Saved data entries
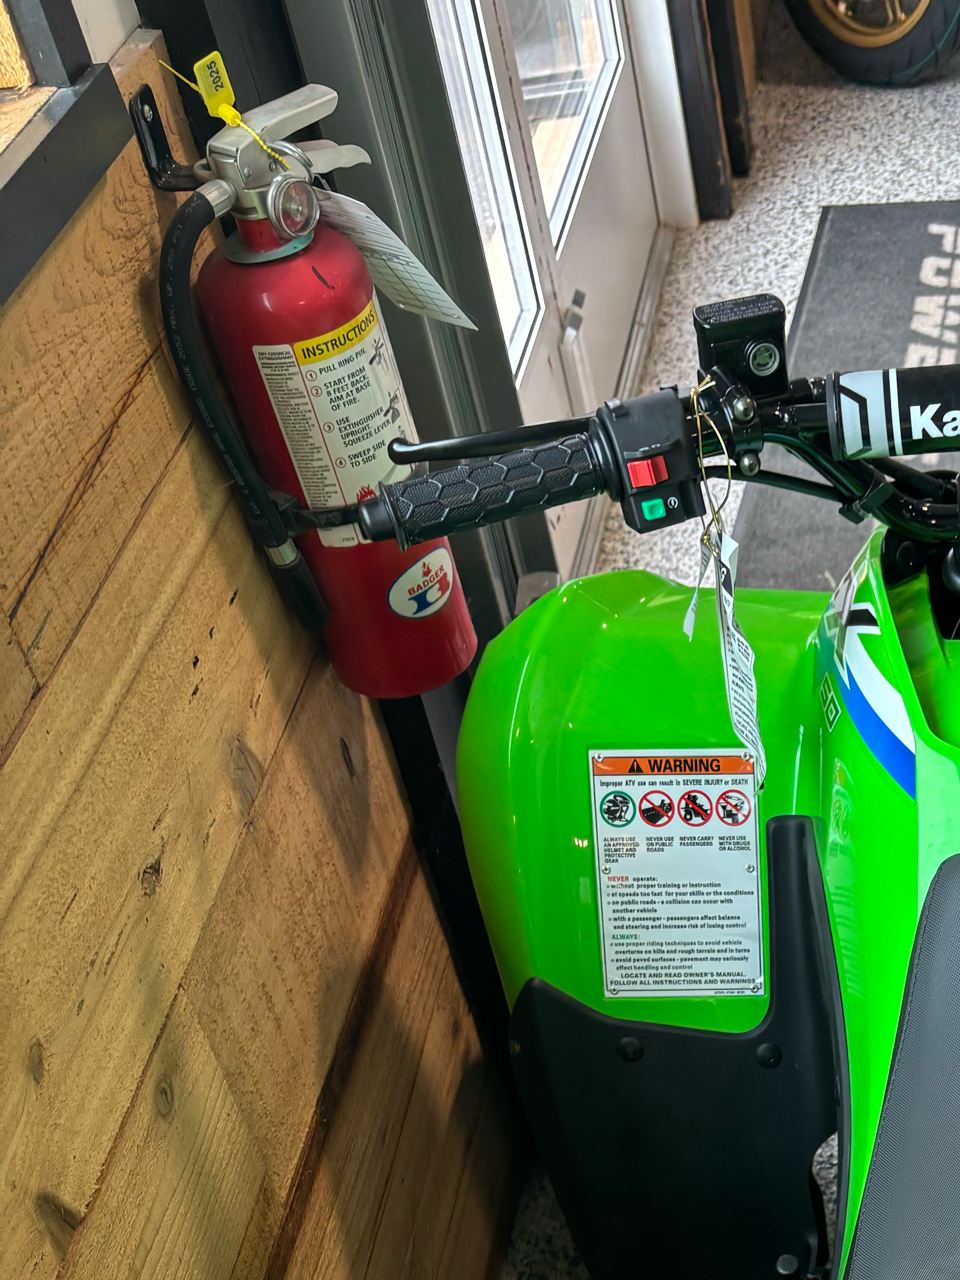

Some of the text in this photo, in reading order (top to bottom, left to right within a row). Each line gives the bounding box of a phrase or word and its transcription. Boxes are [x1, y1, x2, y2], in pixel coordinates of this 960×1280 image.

[206, 60, 224, 92] 2025
[302, 309, 375, 359] INSTRUCTIONS
[318, 364, 337, 374] PULL
[337, 354, 354, 367] RING
[324, 377, 345, 390] START
[347, 366, 365, 380] FROM
[333, 384, 349, 395] FEET
[329, 380, 370, 404] AIM AT BASE
[331, 398, 359, 411] OF FIRE.
[336, 416, 350, 426] USE
[339, 407, 383, 433] EXTINGUISHER
[343, 419, 390, 447] SQUEEZE LEVER
[348, 449, 371, 461] SWEEP
[372, 439, 385, 451] SIDE
[361, 453, 377, 464] SIDE
[408, 564, 445, 596] BADGER
[647, 758, 721, 772] WARNING

(EXERCISE REQUIREMENTS):
The records above must be returned exactly, with each picture omitted.

(SOLUTION):
Some of the text in this photo, in reading order (top to bottom, left to right within a row). Each line gives the bounding box of a phrase or word and its transcription. Boxes are [x1, y1, x2, y2], in pixel coordinates of this 960×1280 image.

[206, 60, 224, 92] 2025
[302, 309, 375, 359] INSTRUCTIONS
[318, 364, 337, 374] PULL
[337, 354, 354, 367] RING
[324, 377, 345, 390] START
[347, 366, 365, 380] FROM
[333, 384, 349, 395] FEET
[329, 380, 370, 404] AIM AT BASE
[331, 398, 359, 411] OF FIRE.
[336, 416, 350, 426] USE
[339, 407, 383, 433] EXTINGUISHER
[343, 419, 390, 447] SQUEEZE LEVER
[348, 449, 371, 461] SWEEP
[372, 439, 385, 451] SIDE
[361, 453, 377, 464] SIDE
[408, 564, 445, 596] BADGER
[647, 758, 721, 772] WARNING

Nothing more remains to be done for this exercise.